El anarquismo está caracterizado por su actitud ante el parlamentarismo y el estatalismo. Esta actitud ha sido ampliamente justificada por el curso de la historia; pero también nos puede llevar a una paralización mental que, en teoría no es menos dogmática que el radicalismo electoral corrompido, en la práctica. Así si el municipalismo libertario se construye como política orgánica, esto es, una política que emerge de la base de la asociación superior humana, yendo hacia la creación de un cuerpo político auténtico y de formas de participación ciudadanas; posiblemente sea éste el último reducto de un socialismo orientado hacia instituciones populares descentralizadas. Un elemento importante dentro de la aproximación al municipalismo libertario es la posibilidad de evocar tradiciones vivas para legitimar nuestras peticiones, tradiciones que, aunque son fragmentarias e irregulares, aún ofrecen potencialidad para una política de participación con una respuesta de dimensiones globales al Estado. La Comuna está enterrada todavía en los Consejos de la ciudad (plenos de ayuntamiento); las secciones están escondidas en los barrios; y la asamblea de ciudad está en los ayuntamientos; encontramos formas confederales de asociación municipal escondidas en los vínculos regionales de pueblos y ciudades. Recuperar un pasado que puede vivir y funcionar con fines libertarlos, no es, ni mucho menos, estar cautivo de la tradición, sino que se trata de hilar conjuntamente los objetivos humanos únicos de asociación que permanecen como cualidades inherentes al espíritu humano —la necesidad de la comunidad como tal—, y que han surgido repetidas veces en el pasado. Permanecen en el presente como esperanzas que acaban de nacer, pero que la gente tiene consigo en todas épocas, saliendo a la superficie en los momentos de acción y libertad. 

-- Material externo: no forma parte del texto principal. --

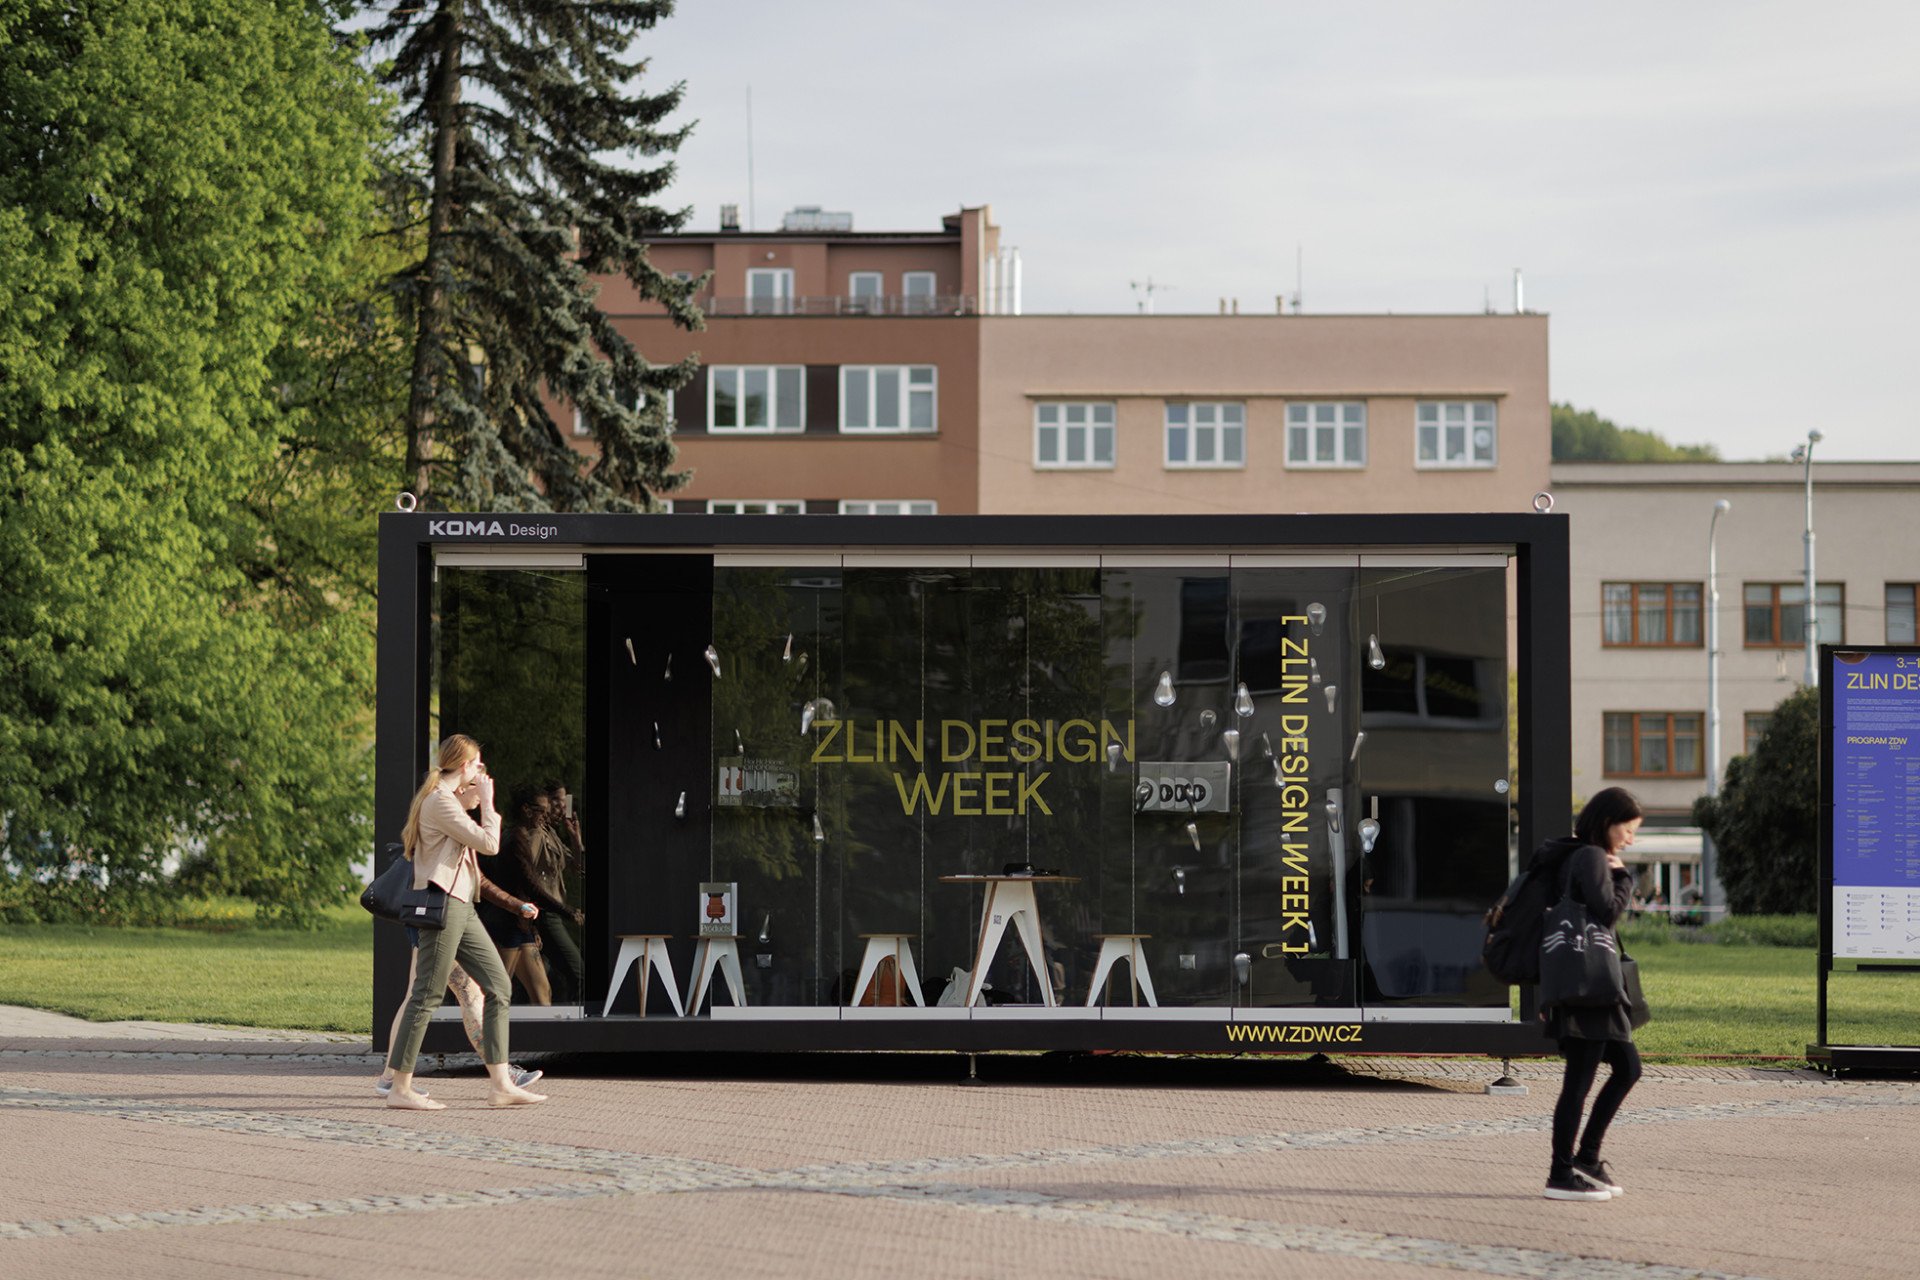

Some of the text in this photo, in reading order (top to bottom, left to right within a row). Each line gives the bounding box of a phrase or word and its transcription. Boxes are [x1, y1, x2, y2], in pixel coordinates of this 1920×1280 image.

[429, 521, 557, 539] KOMA Design
[1281, 637, 1308, 703] ZLIN
[1847, 673, 1920, 690] ZLIN DE
[811, 719, 1135, 763] ZLIN DESIGN
[1847, 736, 1907, 745] PROGRAM ZDW
[893, 772, 1052, 815] WEEK
[1281, 715, 1309, 832] DESIGN
[1282, 844, 1309, 931] WEEK
[1226, 1025, 1362, 1042] WWW.ZDW.CZ

Estas tesis nos anticipan la visión de la posibilidad de un municipalismo libertario, y una nueva política definible como un doble poder, que puede ser contrapuesto mediante las asambleas y las formas confederales al Estado. Tal como están ahora las cosas en el mundo orwelliano de la década de los 80, esta perspectiva de un poder doble es sin duda una posibilidad de las más importantes, entre otras, que los libertarlos pueden desarrollar sin comprometer sus principios antiautoritarios. Es más, estas tesis, apuntan la posibilidad de una política orgánica basada en formas participativas tan radicales de asociación civil, no excluyentes de la posibilidad de que los anarquistas cambien los cuadros de las ciudades y pueblos, y convaliden la existencia de instituciones democráticas directas. Y si este tipo de actividad lleva a los anarquistas a los plenos de los ayuntamientos, no hay razón para que tal política tenga que ser parlamentaria, máxime cuando mantiene un nivel civil y está conscientemente opuesta al Estado. [2] Es curioso que muchos anarquistas que celebran la existencia de las empresas industriales «colectivizadas», tanto en un sitio como en otro, y todo ellos con gran entusiasmo a pesar de que se forma parte del entramado económico burgués y que tiene una visión de la política municipal que considera con repugnancia las «elecciones» de cualquier tipo; sobre todo cuando la política está estructurada en torno a las asambleas de barrio, a los delegados revocables, a las formas de contabilidad radicalmente democráticas y a los vínculos locales fuertemente enraizados. 

La ciudad no es congruente con el Estado. Ambos tienen orígenes muy diferentes y han jugado papeles muy distintos en la historia. El Estado penetra en todos los aspectos de la vida cotidiana, desde la familia a la fábrica, desde el Sindicato a la ciudad; lo cual no significa que los individuos conscientes deban retirarse de cualquier tipo de relaciones humanas organizadas, de la propia piel de uno, para esconderse en un estado de pureza y abstracción, de forma que se convalidaría la descripción de Adorno sobre el anarquismo como un «fantasma». Si hay algún fantasma que nos dé caza, son los que toman forma de ritualismo y de rigidez tan sumamente inflexible que uno cae en un rigor mortis bastante parecido al que cae el cuerpo congelado cuando alcanza la muerte eterna. El poder de la autoridad para dar ordenes a los individuos físicos habrá obtenido entonces una conquista más completa que las ordenes imperativas ejercidas a través de la simple coerción. Habrán puesto su mano sobre el mismo espíritu -y su libertad para pensar libremente y resistir con ideas, aún cuando la capacidad para actuar esté bloqueada temporalmente por las circunstancias. 

Murray Bookchin 
Setiembre de 1984 

Traducción: Miguel Jaime 

[1] Antes de finalizar este punto, vale la pena observar que la distinción entre lo Social y lo Político mantiene una marca desde sus orígenes, remontándose a la época de Aristóteles, y que se ha mantenido a lo largo de toda la historia de la teoría social, hasta épocas recientes con las teorías de Hannah Arendt. Lo que se echa de menos en ambos pensadores es una teoría del Estado. y por tanto la ausencia de una distinción tripartita dentro de sus escritos. 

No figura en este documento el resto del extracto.